* [YOUR GOAL] Down to the last line below, repeat the entries word for word and drop the pictures.

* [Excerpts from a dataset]
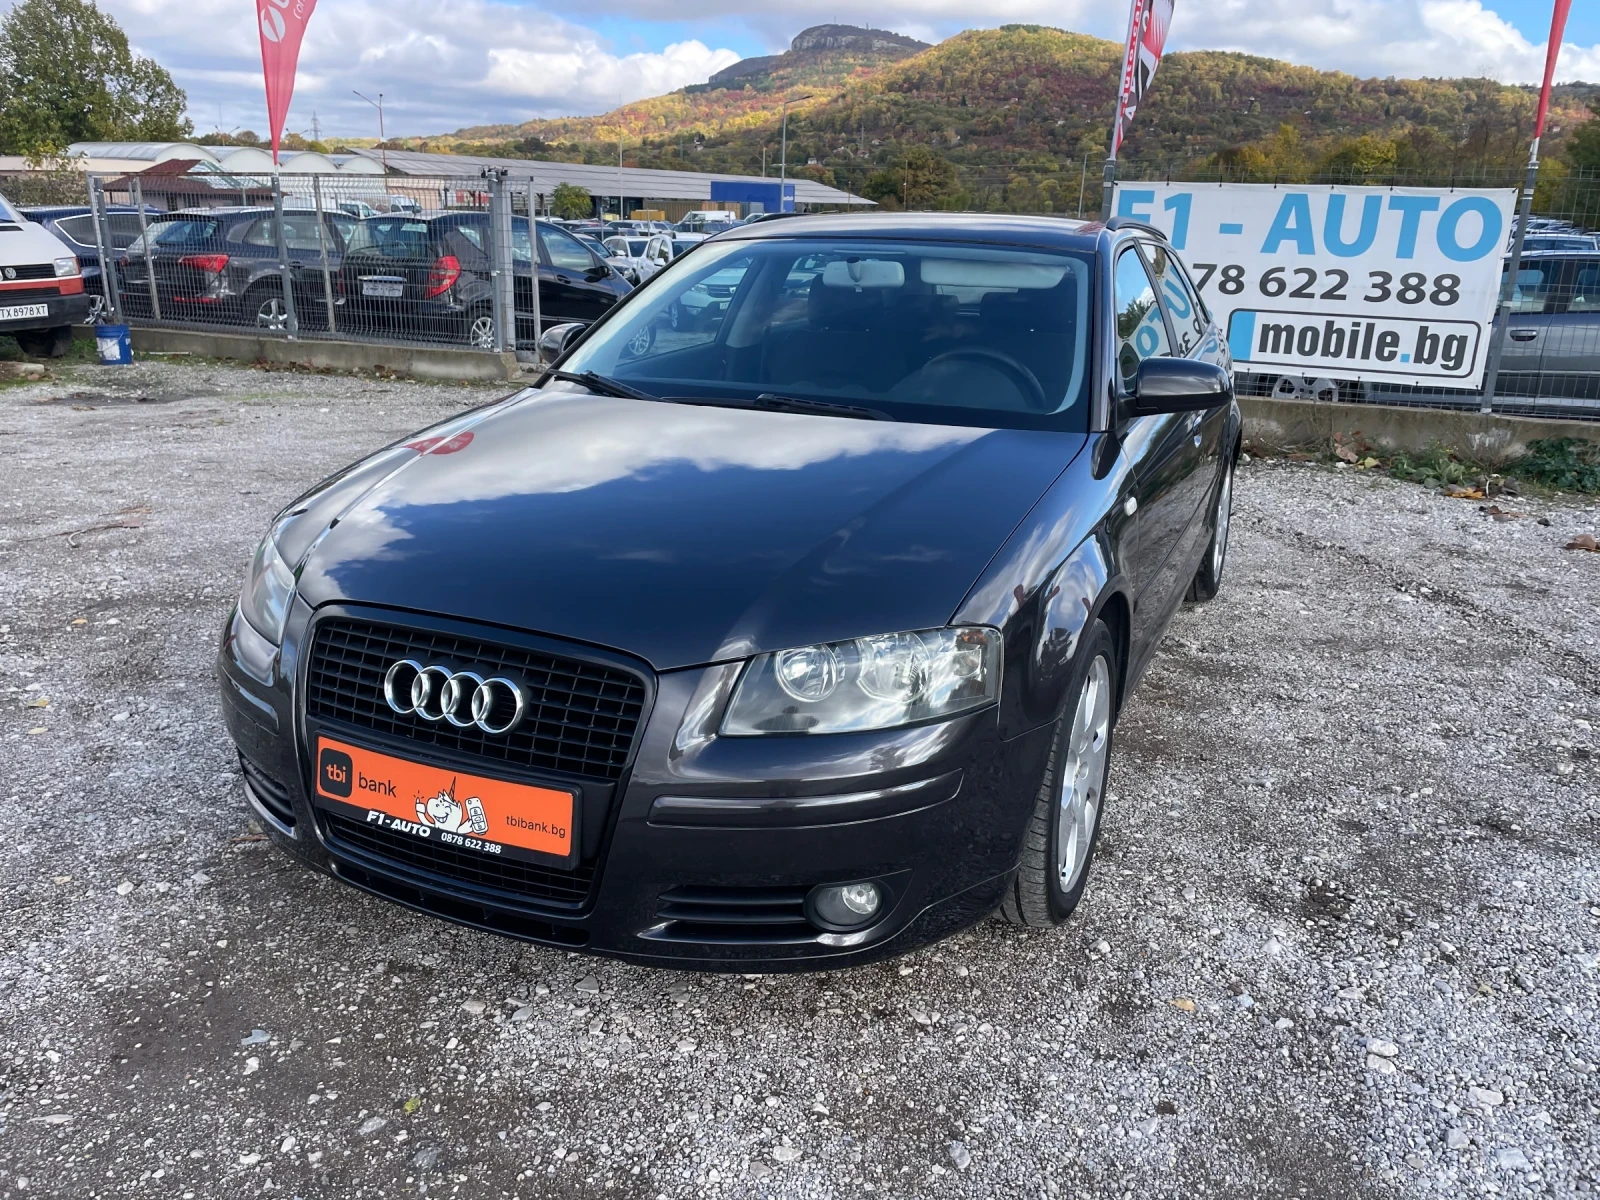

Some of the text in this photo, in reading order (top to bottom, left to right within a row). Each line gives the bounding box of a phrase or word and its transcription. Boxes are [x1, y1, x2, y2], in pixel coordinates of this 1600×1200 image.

[1259, 192, 1503, 262] AUTO
[1192, 262, 1462, 306] 78 622 388
[14, 307, 35, 317] 8978
[36, 306, 46, 316] XT
[1258, 320, 1469, 371] mobile.bg
[326, 763, 397, 799] tbi bank
[366, 810, 431, 838] F1-AUTO
[506, 815, 566, 839] tbibank.bg
[440, 832, 502, 854] 0878 622 388
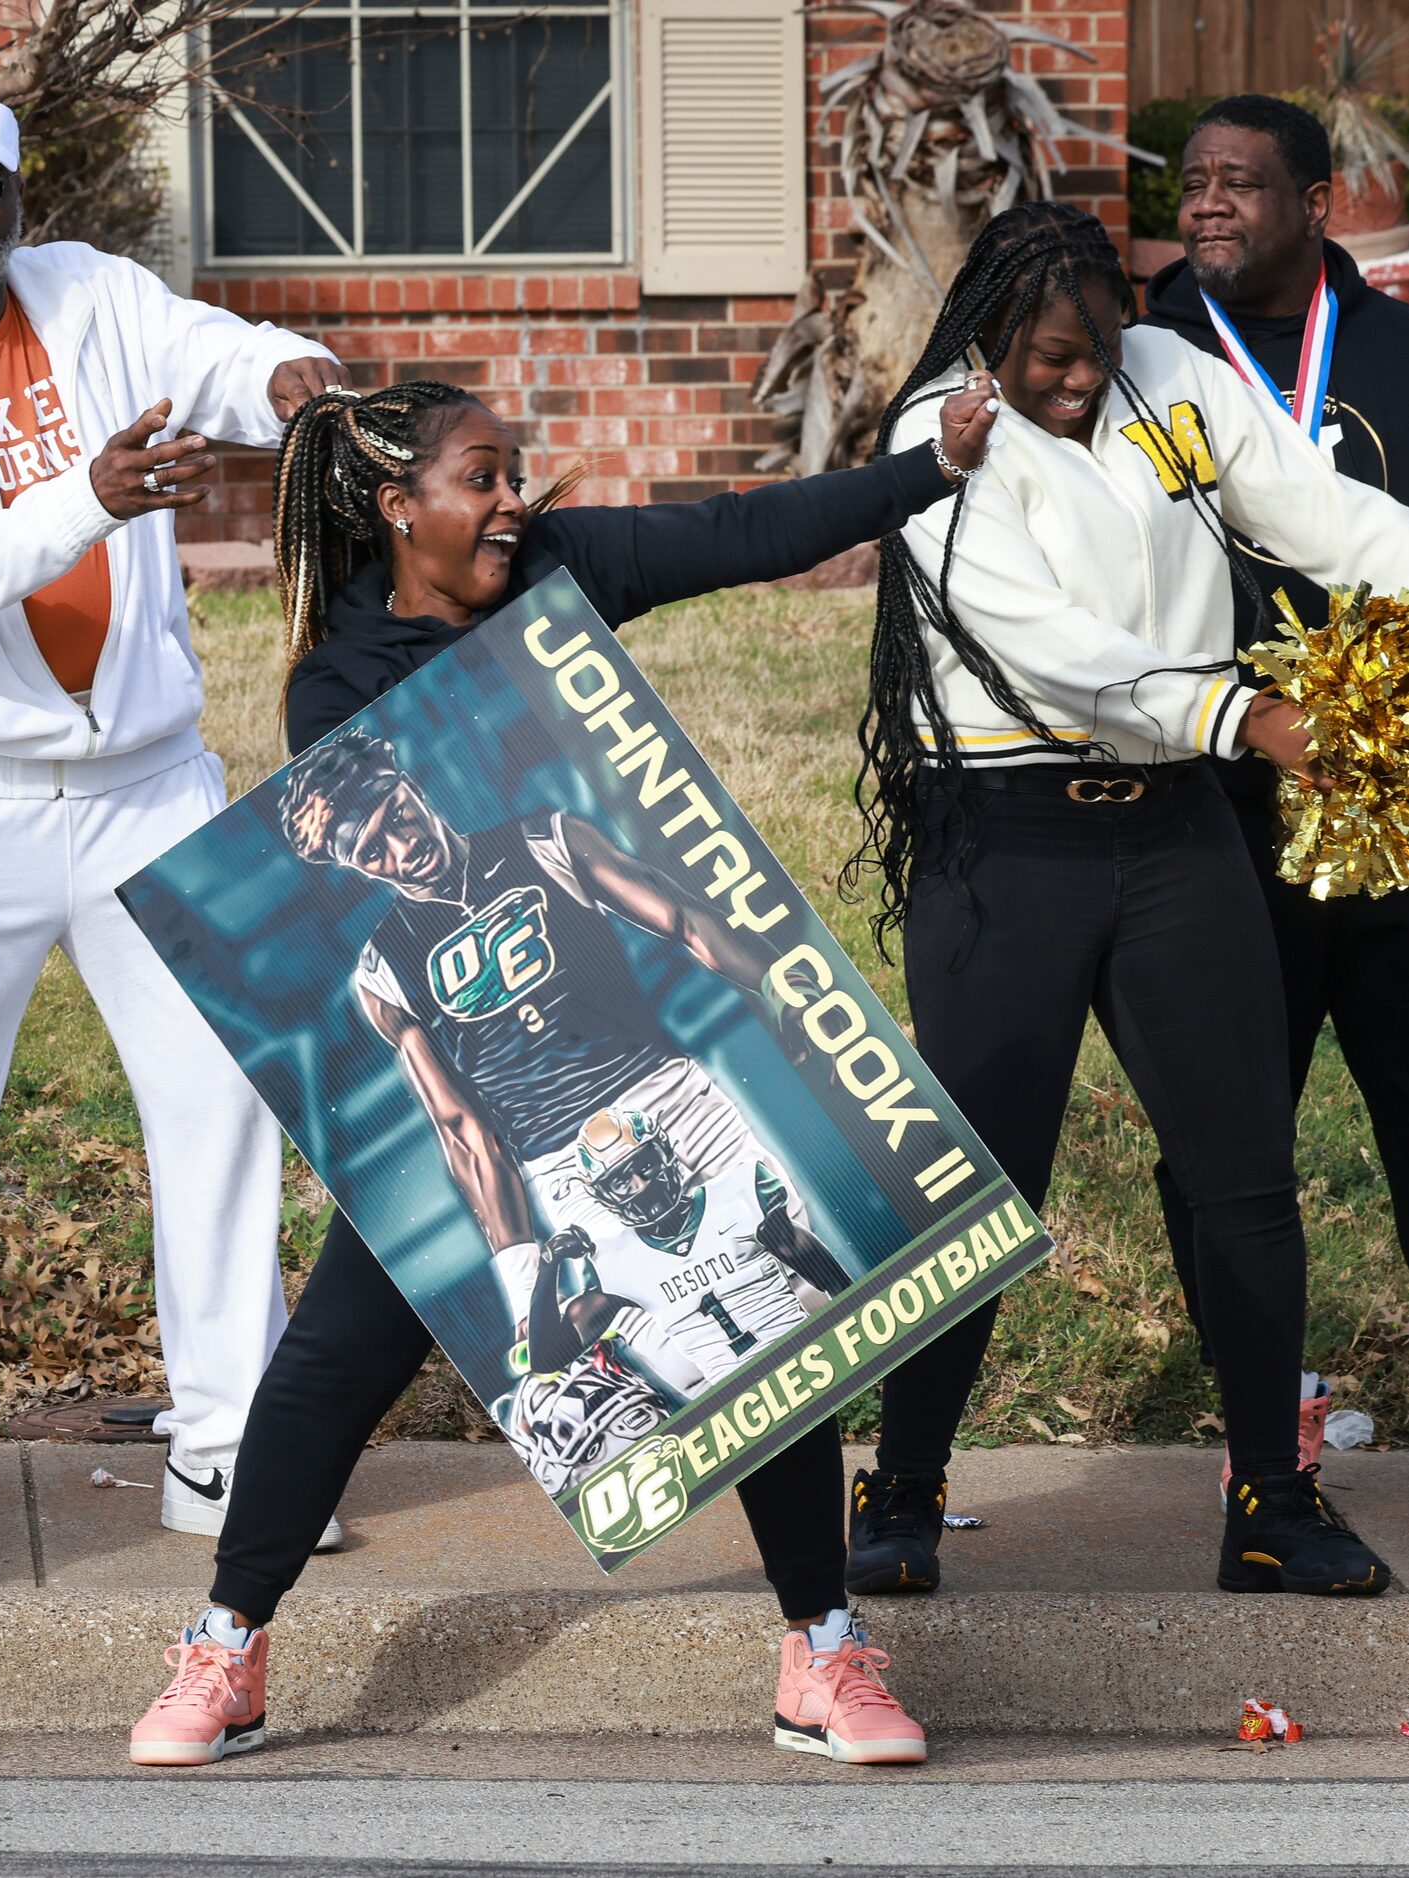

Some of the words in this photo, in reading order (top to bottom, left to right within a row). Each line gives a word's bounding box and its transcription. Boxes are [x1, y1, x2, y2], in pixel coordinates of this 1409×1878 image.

[24, 376, 64, 426] 'E
[523, 615, 790, 933] JOHNTAY
[769, 944, 939, 1152] COOK
[913, 1146, 976, 1203] II
[517, 1003, 545, 1034] 3
[659, 1252, 736, 1304] DESOTO
[680, 1343, 835, 1479] EAGLES
[833, 1199, 1036, 1368] FOOTBALL
[696, 1289, 759, 1358] 1
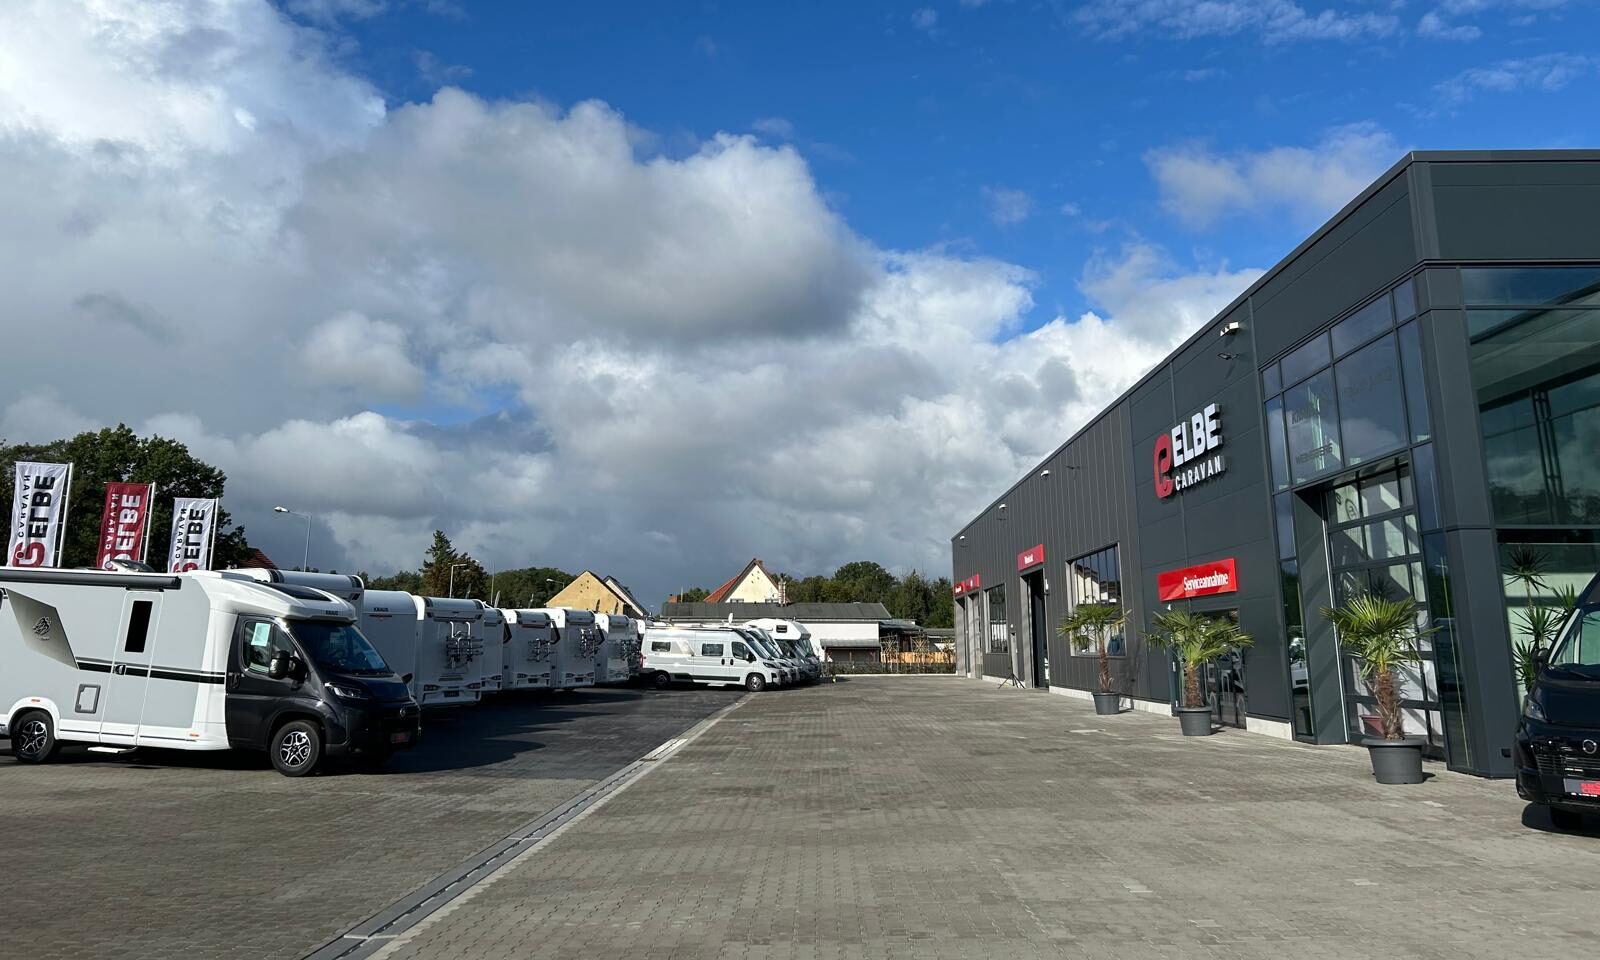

* [OUTPUT]
Some of the text in this photo, in reading order (top to bottom, left to right within a row). Each line gives the bounding box of a phrase or word and its transcription. Boxes are [x1, y1, x2, y2], in pixel coordinates of this 1600×1200 image.

[1259, 192, 1503, 262] AUTO
[1192, 262, 1462, 306] 78 622 388
[14, 307, 35, 317] 8978
[36, 306, 46, 316] XT
[1258, 320, 1469, 371] mobile.bg
[326, 763, 397, 799] tbi bank
[366, 810, 431, 838] F1-AUTO
[506, 815, 566, 839] tbibank.bg
[440, 832, 502, 854] 0878 622 388

Some of the words in this photo, in reading order (top to bottom, left to right within a row). Each line gives a word's bounding box and its transcription. Boxes are [x1, y1, x2, y2], in pixel coordinates of this 1409×1878 image.

[24, 376, 64, 426] 'E
[523, 615, 790, 933] JOHNTAY
[769, 944, 939, 1152] COOK
[913, 1146, 976, 1203] II
[517, 1003, 545, 1034] 3
[659, 1252, 736, 1304] DESOTO
[680, 1343, 835, 1479] EAGLES
[833, 1199, 1036, 1368] FOOTBALL
[696, 1289, 759, 1358] 1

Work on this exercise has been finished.